Figure 26-6 shows diagrammatic representation of possible configurations of sieve elements contents:
a. It shows obstruction of sieve pores by the cytoplasm,
b. It will be observed that the empty lumen of the adjacent sieve tubes is connected through the sieve pores in an unobstructed way,
c. The material in the sieve elements is filamentous and is continuous between the two adjacent sieve tubes,
d. The material in the sieve elements is in the form of filamentous strands which are interconnected through the sieve pores.
These strands or ‘rope’ of filaments are contiguous between the two sieve tubes, e. yet another interpretation is that the contents in the sieve tube are bound by membrane and these minor ‘capillaries’ connect the two adjacent sieve tubes through the sieve pores.
These is a general agreement on one aspect that sieve tubes abound in P-proteins (phloem proteins) to which some of the organelles may be attached. The attachment of the organelles has one advantage that these may not be swayed away and block the sieve pores.
Yet another controversy centres around the nature and structure of the sieve pores. Here again the agreement is atleast on one point that in its functional state the pores are open to allow and facilitate movement of the metabolites. Recent studies employing sophisticated methods have shown clearly that the sieve pores are not always completely plugged or even completely open.

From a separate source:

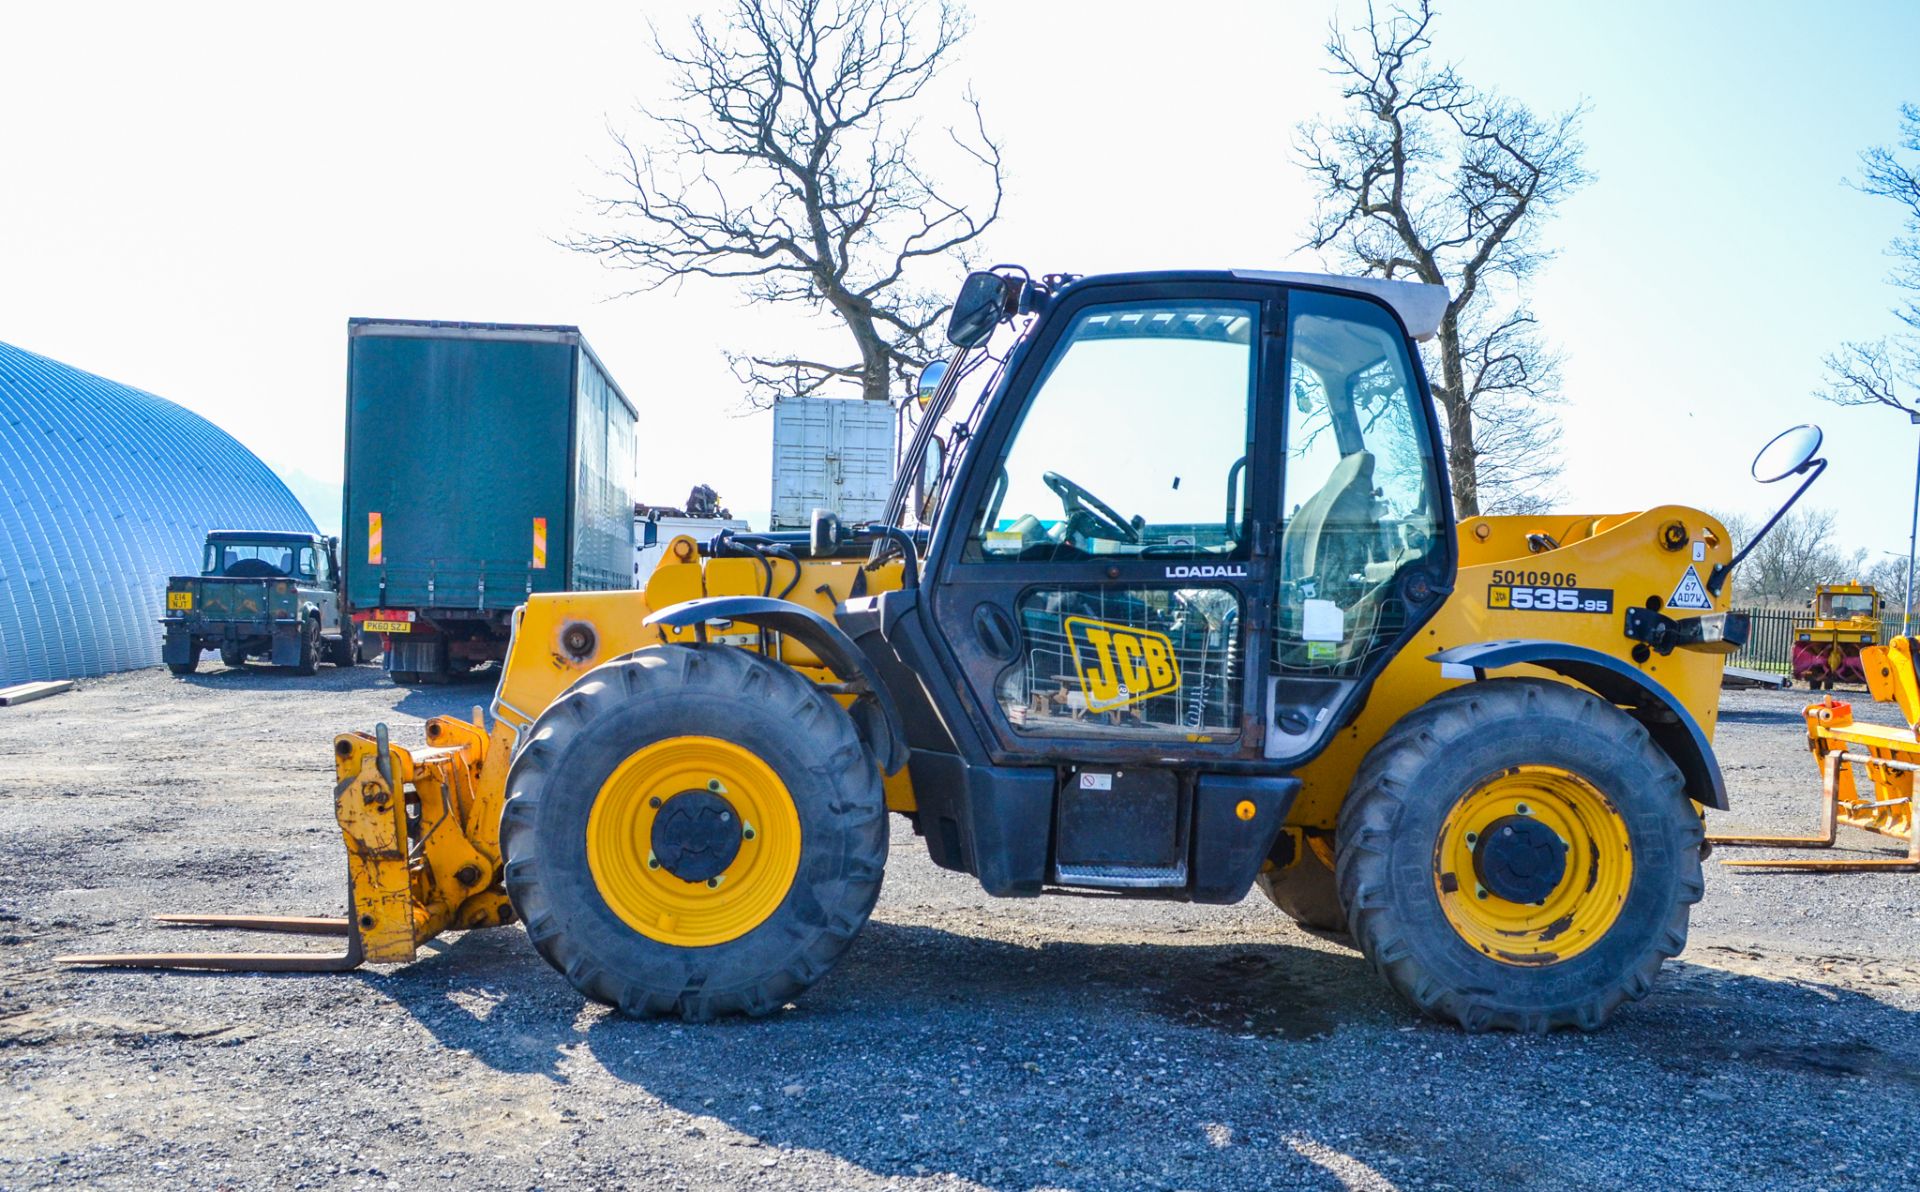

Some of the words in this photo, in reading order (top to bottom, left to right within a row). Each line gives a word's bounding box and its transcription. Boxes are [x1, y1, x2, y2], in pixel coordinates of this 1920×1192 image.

Firstly, sieve tube seems to be a living system which is highly sensitive to the metabolic inhibitors and need energy for their proper functioning. One of the metabolites used in the energy is sucrose. Besides carbohydrates it also transmits large number of diverse substances.
Secondly, the movement velocity in the sieve elements is very high and at specific times it carries large amounts of metabolites.
Similarly the TP of the sieve tube is very high and the metabolites may move in a bidirectional way as well. One of the interesting questions which needs specific answer is whether the elements in the sieve tube move up and down simultaneously.